• YOUR ASSIGNMENT:
Output each entry verbatim. Leave the images out.

Referring expression grounding data
--- START ---

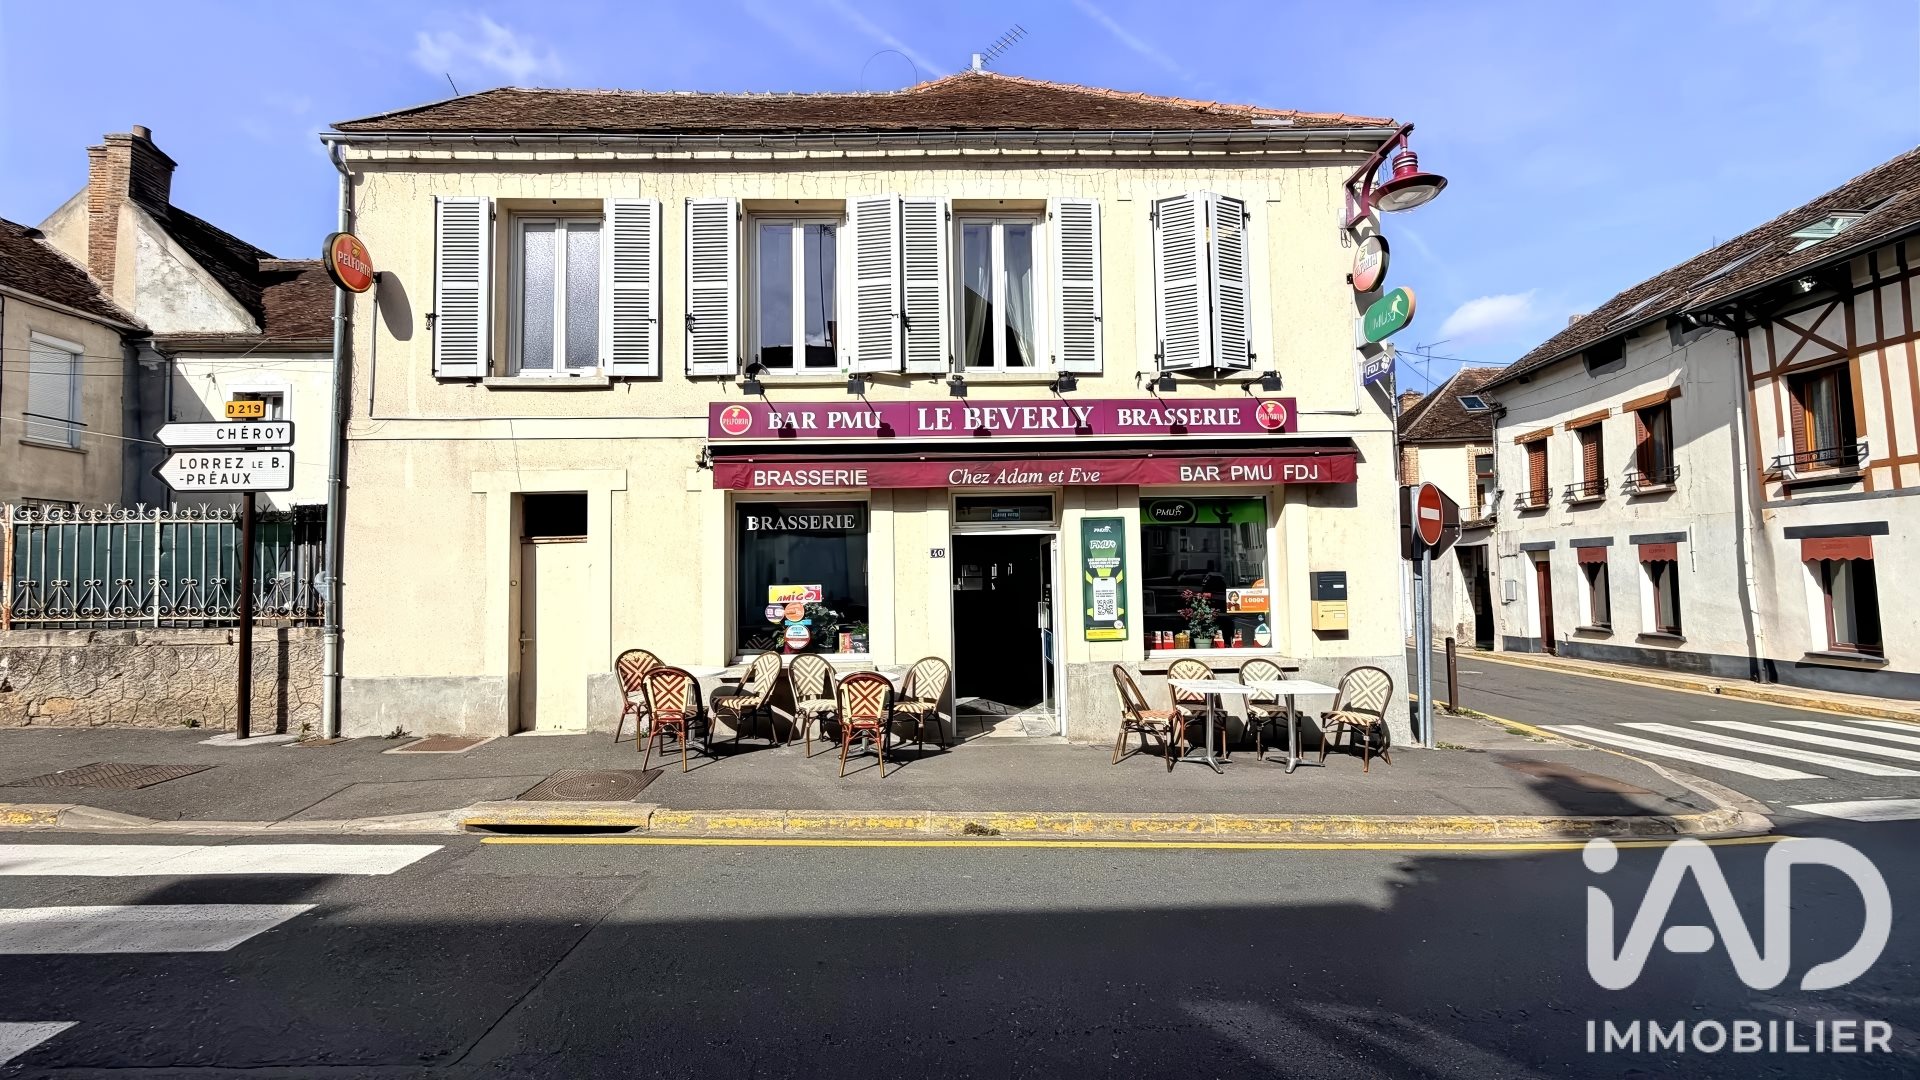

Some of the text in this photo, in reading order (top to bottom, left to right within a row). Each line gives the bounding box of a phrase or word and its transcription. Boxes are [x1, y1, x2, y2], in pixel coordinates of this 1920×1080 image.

[1367, 362, 1379, 376] FDJ
[227, 404, 261, 414] D 219
[1117, 407, 1241, 426] BRASSERIE
[768, 411, 882, 430] BAR PMU
[917, 405, 1094, 431] LE BEVERLY
[216, 425, 285, 440] CHÉROY
[179, 456, 285, 470] LORREZ LE B.
[754, 469, 868, 486] BRASSERIE
[948, 467, 1100, 485] Chez Adam et Eve
[1180, 464, 1318, 482] BAR PMU FDJ
[1155, 508, 1175, 516] PMU
[746, 514, 856, 531] BRASSERIE
[932, 549, 944, 558] 40
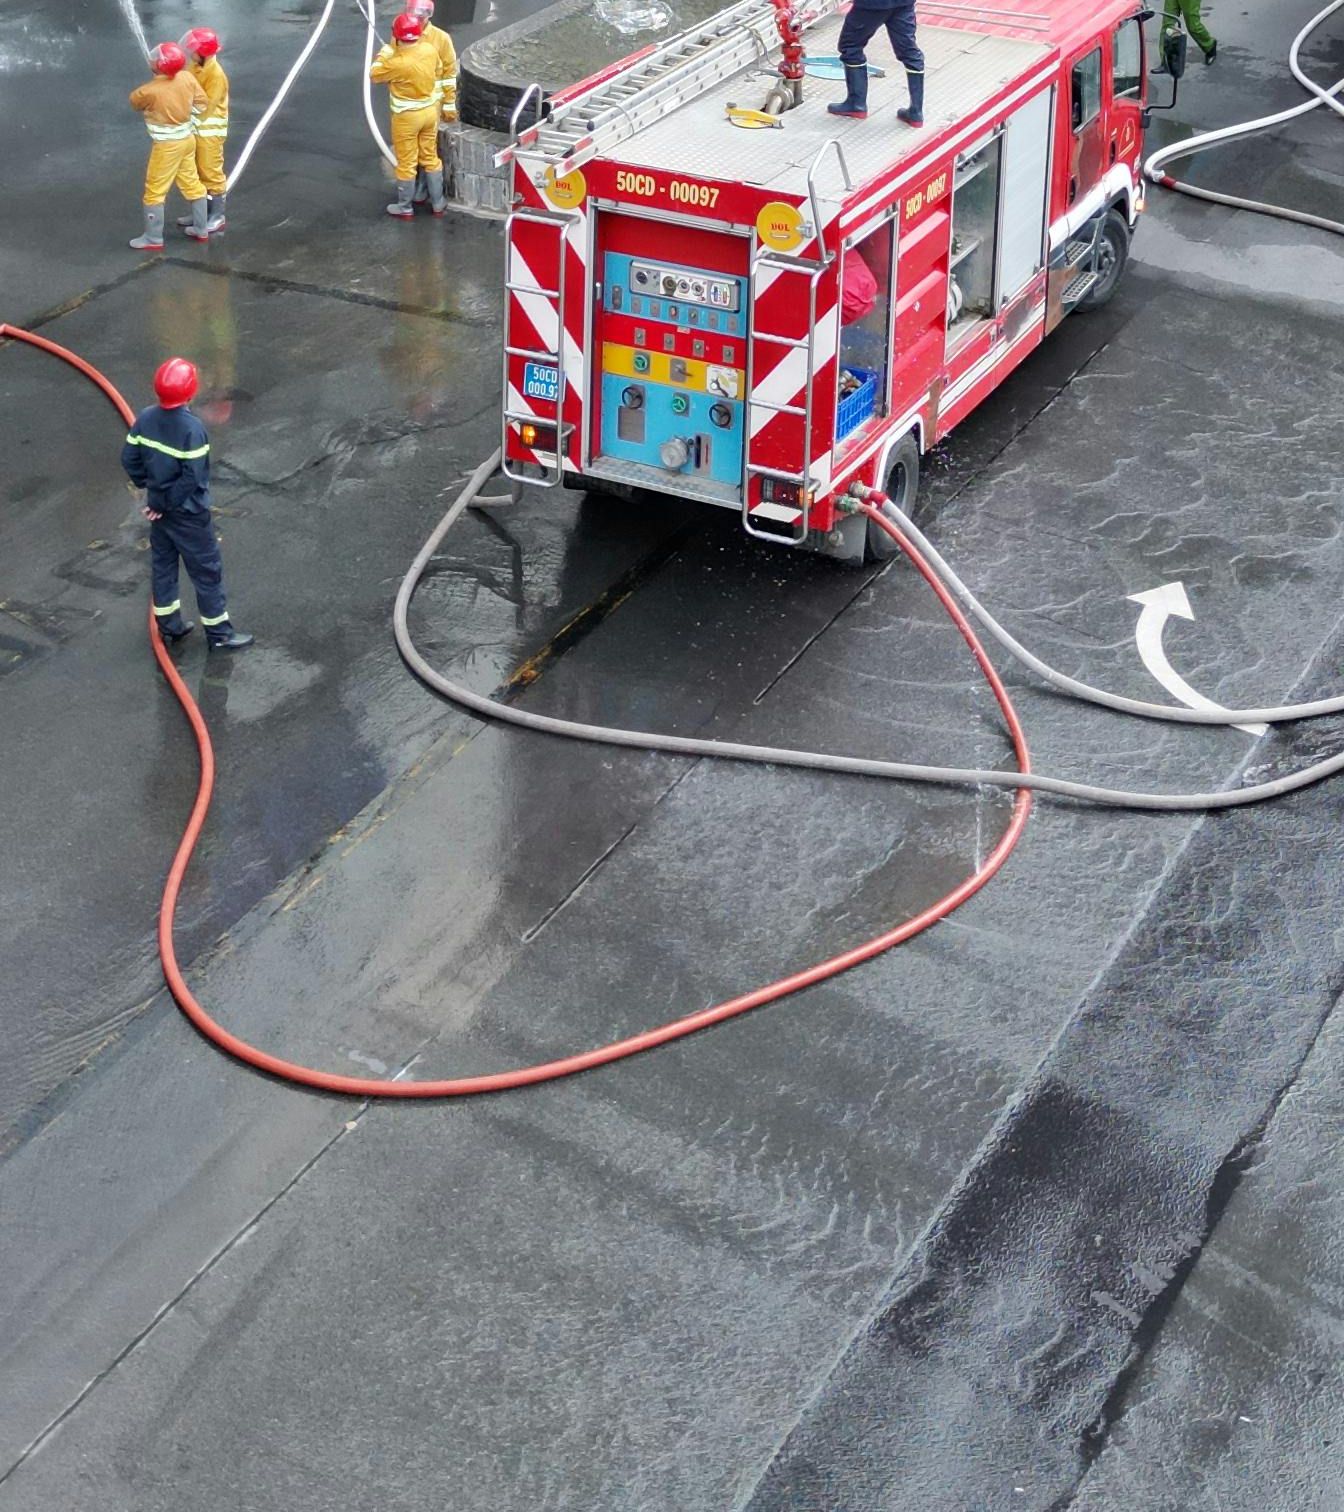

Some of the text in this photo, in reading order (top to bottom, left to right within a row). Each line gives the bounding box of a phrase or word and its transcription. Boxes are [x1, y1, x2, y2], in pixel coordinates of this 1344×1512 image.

[617, 171, 655, 196] 50CD
[669, 181, 720, 208] 00097
[533, 367, 557, 384] 50CD

--- END ---

• EXERCISE SOLUTION:
Some of the text in this photo, in reading order (top to bottom, left to right within a row). Each line gives the bounding box of a phrase or word and its transcription. Boxes are [x1, y1, x2, y2], in pixel coordinates of this 1920×1080 image.

[1367, 362, 1379, 376] FDJ
[227, 404, 261, 414] D 219
[1117, 407, 1241, 426] BRASSERIE
[768, 411, 882, 430] BAR PMU
[917, 405, 1094, 431] LE BEVERLY
[216, 425, 285, 440] CHÉROY
[179, 456, 285, 470] LORREZ LE B.
[754, 469, 868, 486] BRASSERIE
[948, 467, 1100, 485] Chez Adam et Eve
[1180, 464, 1318, 482] BAR PMU FDJ
[1155, 508, 1175, 516] PMU
[746, 514, 856, 531] BRASSERIE
[932, 549, 944, 558] 40

Some of the text in this photo, in reading order (top to bottom, left to right within a row). Each line gives the bounding box of a phrase or word and its transcription. Boxes are [x1, y1, x2, y2], in pixel coordinates of this 1344×1512 image.

[617, 171, 655, 196] 50CD
[669, 181, 720, 208] 00097
[533, 367, 557, 384] 50CD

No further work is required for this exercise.